*** Opening of EXCERPTED DATA ***

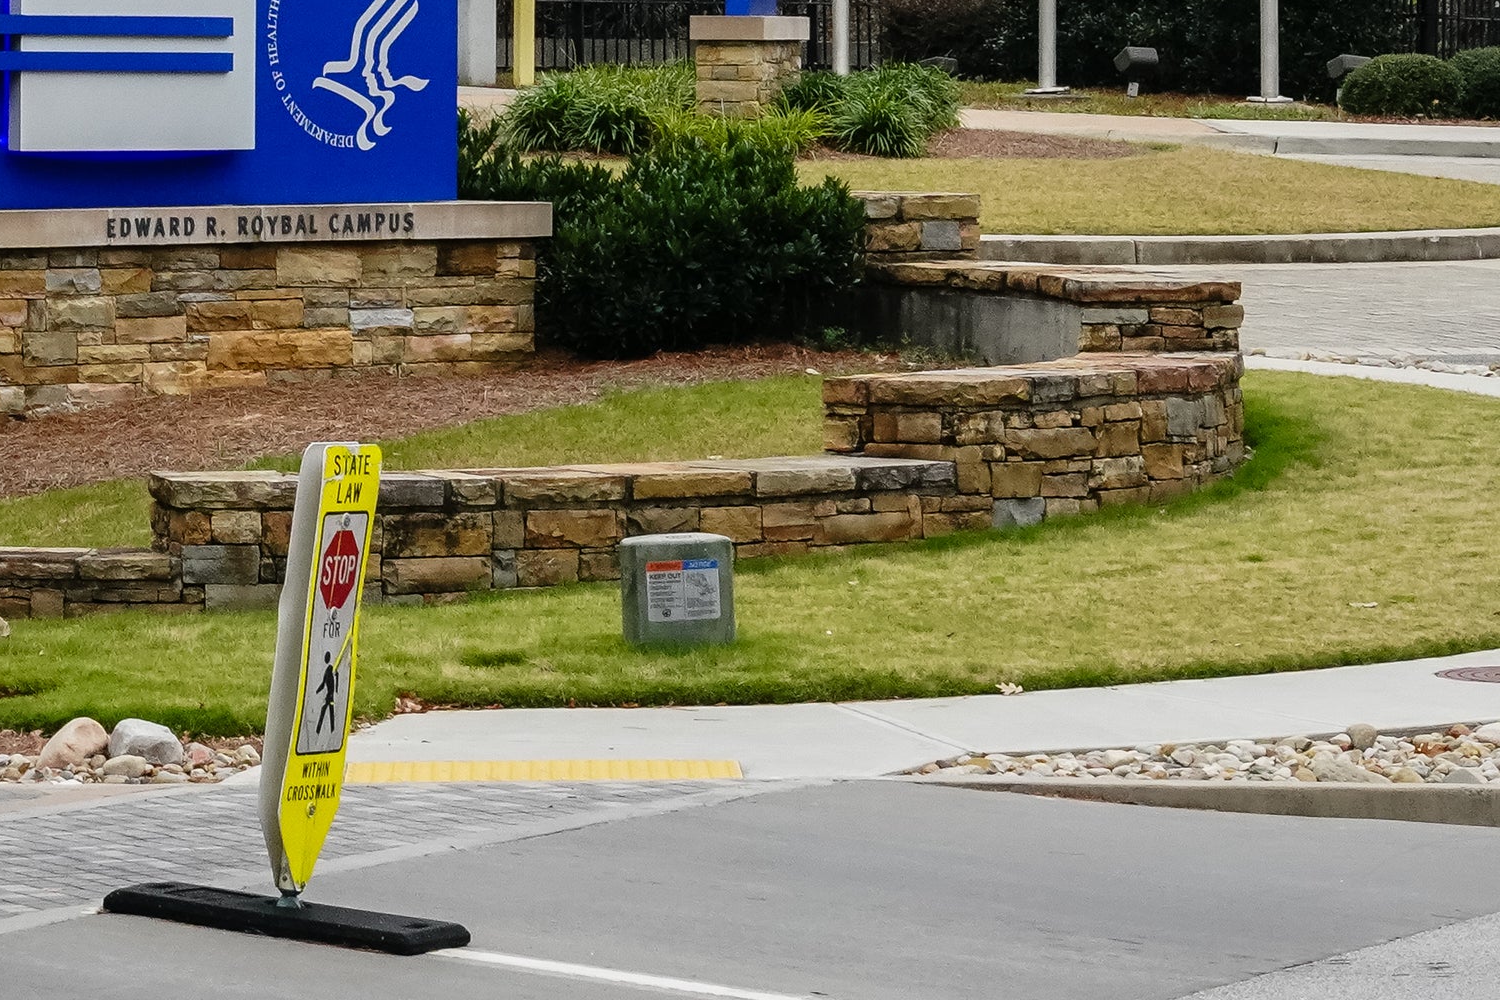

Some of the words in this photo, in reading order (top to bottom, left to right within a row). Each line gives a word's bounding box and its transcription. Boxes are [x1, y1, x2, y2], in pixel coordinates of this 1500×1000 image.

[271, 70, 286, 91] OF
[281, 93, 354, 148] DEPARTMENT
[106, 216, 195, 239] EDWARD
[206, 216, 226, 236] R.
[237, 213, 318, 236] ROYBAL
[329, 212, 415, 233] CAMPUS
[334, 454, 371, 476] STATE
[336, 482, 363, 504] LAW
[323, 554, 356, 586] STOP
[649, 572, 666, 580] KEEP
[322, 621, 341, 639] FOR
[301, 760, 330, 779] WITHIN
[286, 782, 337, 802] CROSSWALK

*** Close of EXCERPTED DATA ***

TASK INSTRUCTIONS
Please transcribe all of the entries exactly and omit any picture they hold.

EXERCISE ANSWER
Some of the words in this photo, in reading order (top to bottom, left to right within a row). Each line gives a word's bounding box and its transcription. Boxes are [x1, y1, x2, y2], in pixel coordinates of this 1500×1000 image.

[271, 70, 286, 91] OF
[281, 93, 354, 148] DEPARTMENT
[106, 216, 195, 239] EDWARD
[206, 216, 226, 236] R.
[237, 213, 318, 236] ROYBAL
[329, 212, 415, 233] CAMPUS
[334, 454, 371, 476] STATE
[336, 482, 363, 504] LAW
[323, 554, 356, 586] STOP
[649, 572, 666, 580] KEEP
[322, 621, 341, 639] FOR
[301, 760, 330, 779] WITHIN
[286, 782, 337, 802] CROSSWALK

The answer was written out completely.